Phrase grounding data
• • • • • • •

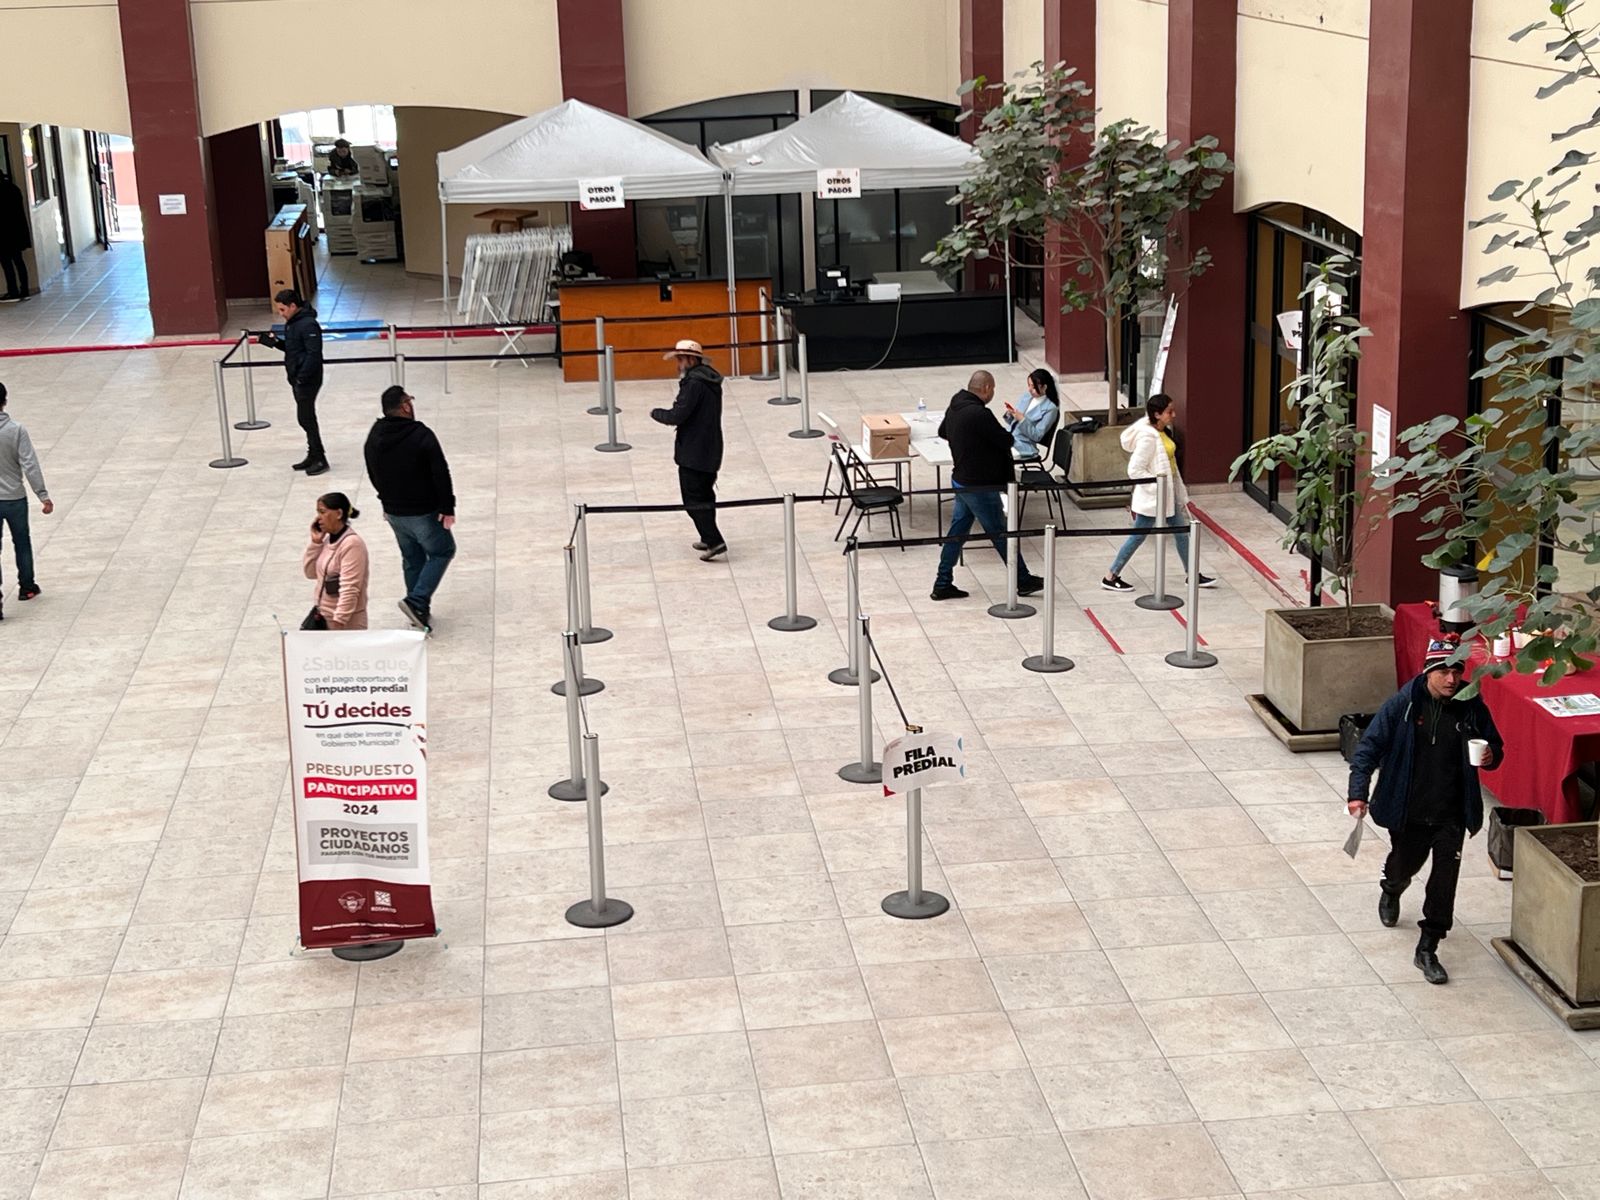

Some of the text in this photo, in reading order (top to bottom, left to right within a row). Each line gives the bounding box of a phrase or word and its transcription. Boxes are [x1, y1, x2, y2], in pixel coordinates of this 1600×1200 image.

[827, 177, 852, 185] OTROS
[587, 186, 615, 194] OTROS
[322, 675, 330, 683] el
[332, 676, 354, 684] pago
[356, 675, 396, 684] oportuno
[397, 675, 409, 683] de
[315, 684, 368, 696] impuesto
[370, 683, 408, 695] predial
[303, 700, 412, 719] TÚ decides
[344, 731, 364, 739] debe
[321, 738, 400, 747] Gobierno Municipal?
[905, 746, 936, 762] FILA
[306, 763, 414, 777] PRESUPUESTO
[893, 757, 957, 779] PREDIAL
[307, 782, 414, 796] PARTICIPATIVO
[343, 803, 378, 815] 2024
[320, 828, 408, 842] PROYECTOS
[320, 840, 410, 854] CIUDADANOS

• • • • • • •

Skip every picture and transcribe the data above exactly.

Some of the text in this photo, in reading order (top to bottom, left to right within a row). Each line gives the bounding box of a phrase or word and its transcription. Boxes are [x1, y1, x2, y2], in pixel coordinates of this 1600×1200 image.

[827, 177, 852, 185] OTROS
[587, 186, 615, 194] OTROS
[322, 675, 330, 683] el
[332, 676, 354, 684] pago
[356, 675, 396, 684] oportuno
[397, 675, 409, 683] de
[315, 684, 368, 696] impuesto
[370, 683, 408, 695] predial
[303, 700, 412, 719] TÚ decides
[344, 731, 364, 739] debe
[321, 738, 400, 747] Gobierno Municipal?
[905, 746, 936, 762] FILA
[306, 763, 414, 777] PRESUPUESTO
[893, 757, 957, 779] PREDIAL
[307, 782, 414, 796] PARTICIPATIVO
[343, 803, 378, 815] 2024
[320, 828, 408, 842] PROYECTOS
[320, 840, 410, 854] CIUDADANOS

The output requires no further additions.